Tomi Adeyemi is a part of a new wave of authors who – like Cherie Dimaline and Daniel Jose Older –are creating fantasy novels not rooted in Western European folklore and mythology but which draw upon their own particular heritage. In doing do, they are breathing a new and exciting life into the genre.

In Adeyemi’s case, this is a Yoruba heritage from Nigeria.

The story takes place in Orïsha, a beautiful but dystopian world, divided between dark-skinned, white haired divîners and the lighter skinned kosidán. The divîners were once majis, the descendents of ten clans who could control the natural forces of the world. But magic has been stolen from the world, destroyed by the King, Saran, who fears its power and hates those that wield it. And now divîners are little more than slaves, despised, abused – referred to as maggots.

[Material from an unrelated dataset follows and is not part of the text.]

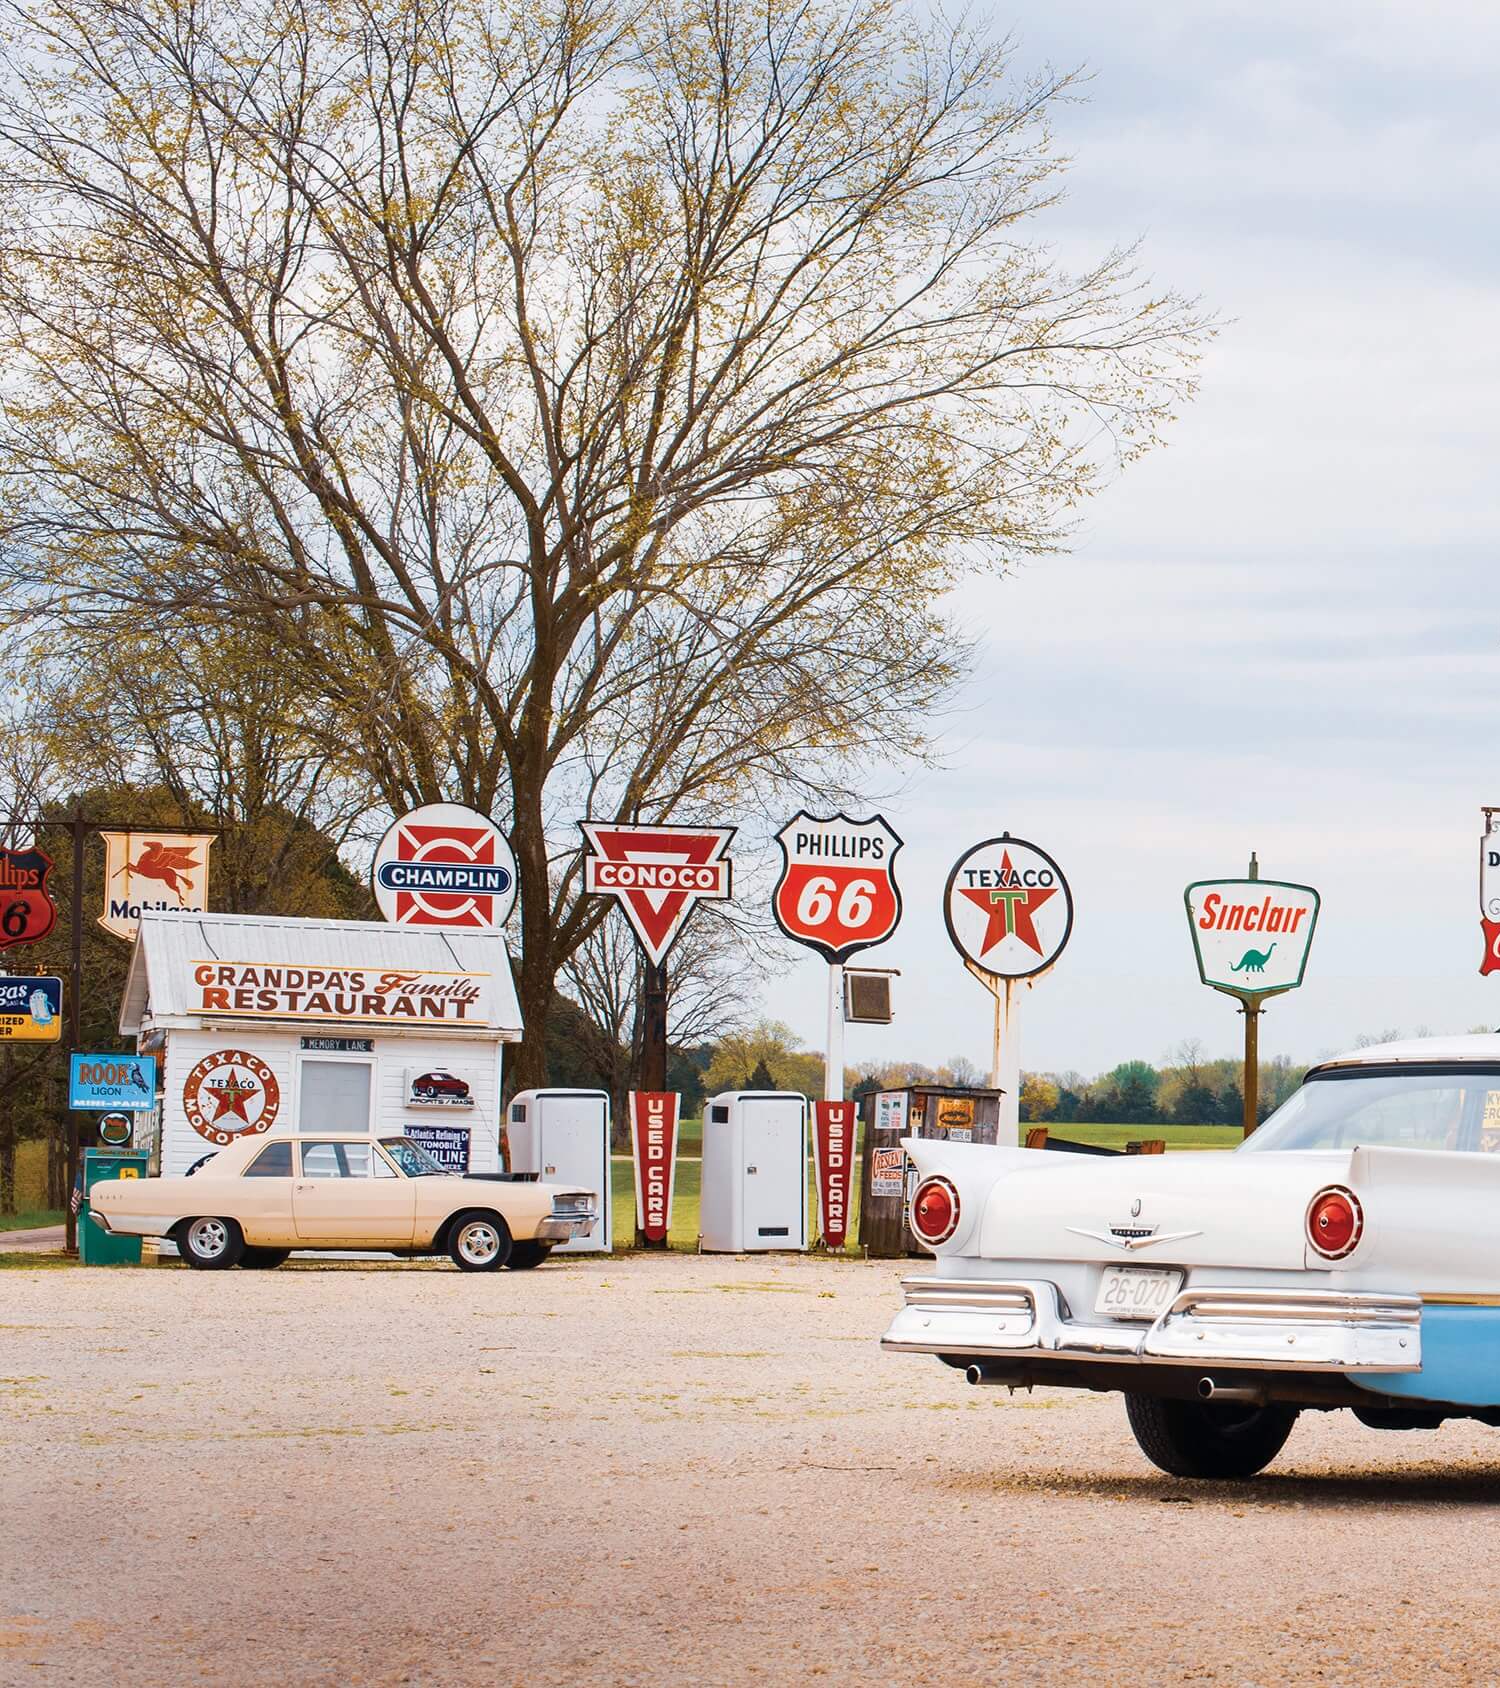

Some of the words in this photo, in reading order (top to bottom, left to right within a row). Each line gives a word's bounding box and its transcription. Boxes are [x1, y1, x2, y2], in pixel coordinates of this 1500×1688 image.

But then the king’s daughter, Amari, finds there are three artefacts that could bring magic back into the world. When she stumbles into the arms of Zélie, the daughter of a powerful maji killed by Saran when he tried to wipe magic from the earth, the two of them may just have a chance to change Orïsha forever.

It is not only traditional Yoruba stories that Adeyemi has drawn on in creating this story. As she makes clear in her Afterword, everything that happens to her characters has been visited upon Black bodies in the not-so-distant past and much of it is still being visited upon them today.

No one is the villain of their own story. And some of the power of Adeyemi’s story telling is the credible fear of magic she creates through the point of view of Inan, Saran’s son and Amari’s sister. He too wants to change Orïsha, but his vision is very different from Zélie’s.

It is the mutual fear and distrust between divîners and kosidán– between those with the power to wield magic and those who have used brute force to suppress it – that will stand in the path of a new and more equal Orïsha.

A fresh new new voice in the fantasy genre - and a powerful and beautiful allegorical tale for our times.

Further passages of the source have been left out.